The new rule will force companies to research existing medical literature to find relevant information for labeling, Kweder said, adding that such information often had been overlooked in the past. However, the new rule doesn’t mandate that companies conduct new preclinical and clinical studies to obtain the data if it’s not available, Kweder told reporters yesterday. When no data are available, manufacturers must indicate that on the labeling, she said.

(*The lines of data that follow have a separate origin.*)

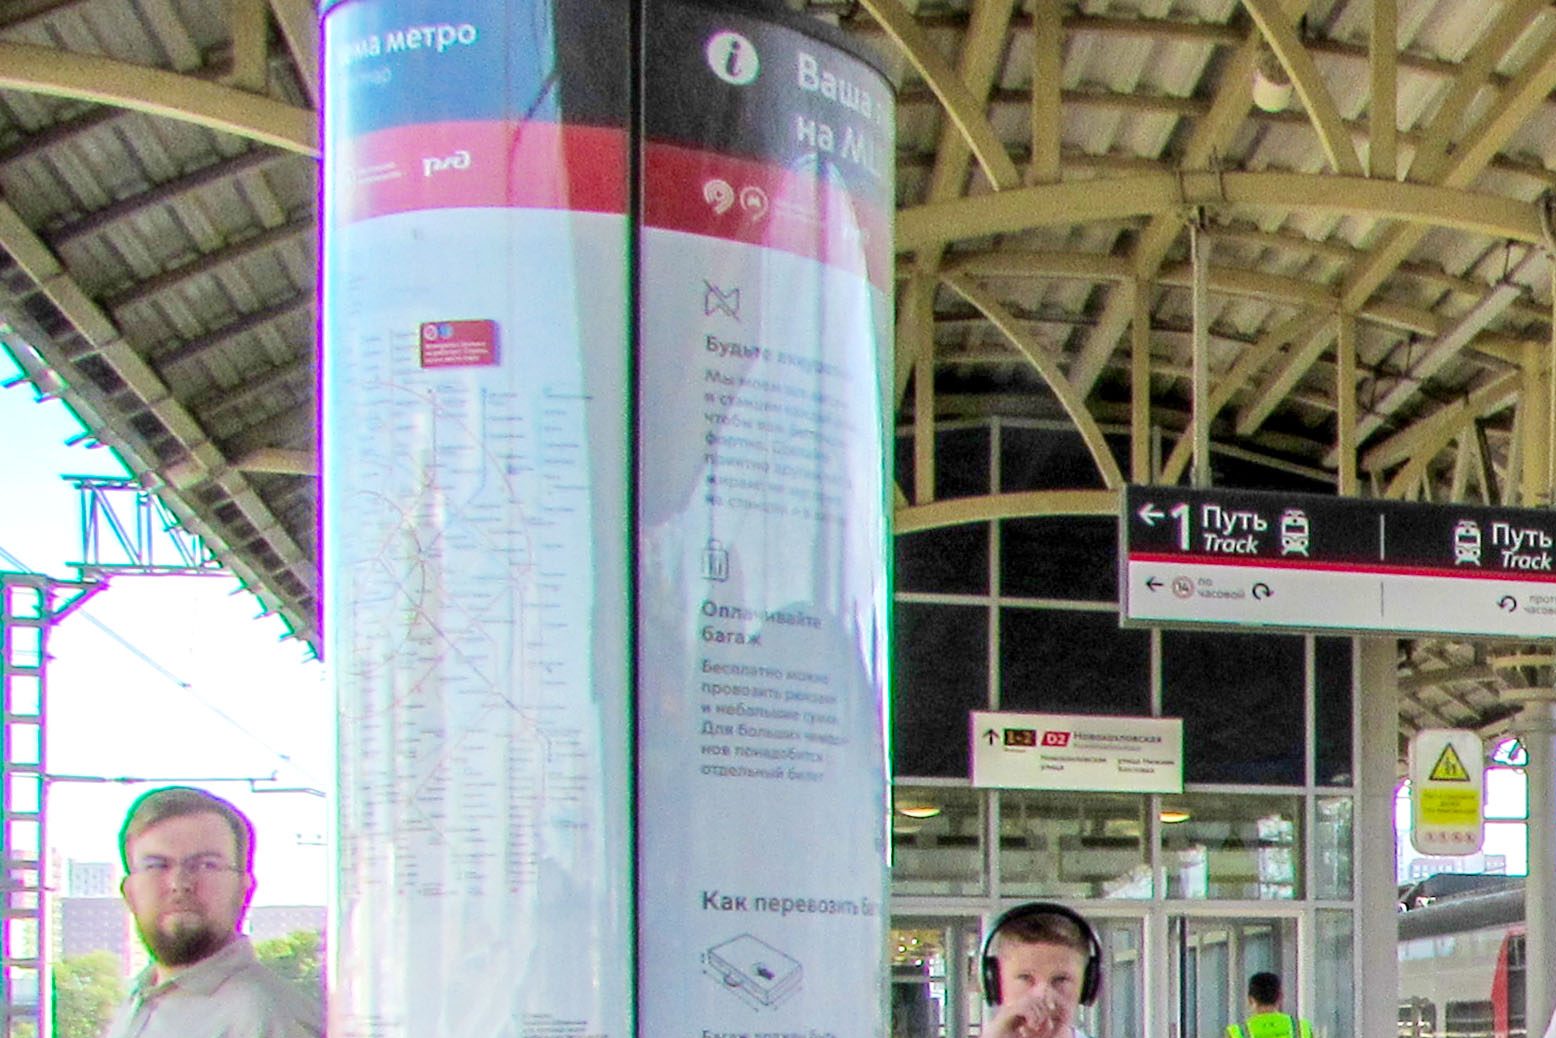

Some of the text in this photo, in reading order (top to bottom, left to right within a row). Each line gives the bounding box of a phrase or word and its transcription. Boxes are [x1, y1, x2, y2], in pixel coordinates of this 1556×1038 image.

[386, 23, 479, 53] метро
[797, 115, 836, 153] на
[1172, 503, 1191, 551] 1
[1202, 505, 1268, 536] Путь
[1203, 533, 1258, 554] Track
[1492, 523, 1552, 551] Путь
[1502, 551, 1551, 571] Track
[702, 600, 822, 629] Опливайте
[702, 625, 762, 645] багаж
[702, 658, 784, 681] Бесплатно
[701, 719, 734, 736] Для
[702, 890, 748, 911] Как
[754, 896, 859, 917] перевозить

The rule, which finalizes a 2008 draft and replaces rules that have in place since 1979, will take effect June 30, 2015, for new drugs and biologics, and will be phased in gradually for previously approved products.
The FDA also released an accompanying draft guidance that details new format and content requirements under the rule. For example, the pregnancy section must have four subheads on pregnancy exposure registry, risk summary, clinical considerations and data. The lactation section must have subheads on risk summary, clinical considerations and data. And the reproductive potential section must have subheads on pregnancy testing, contraception and infertility. Comments should be submitted by Feb. 2. — Jonathon Shacat
Originally appeared in Drug Industry Daily, the pharmaceutical industry’s number one source for regulatory news and information. Click here for more information.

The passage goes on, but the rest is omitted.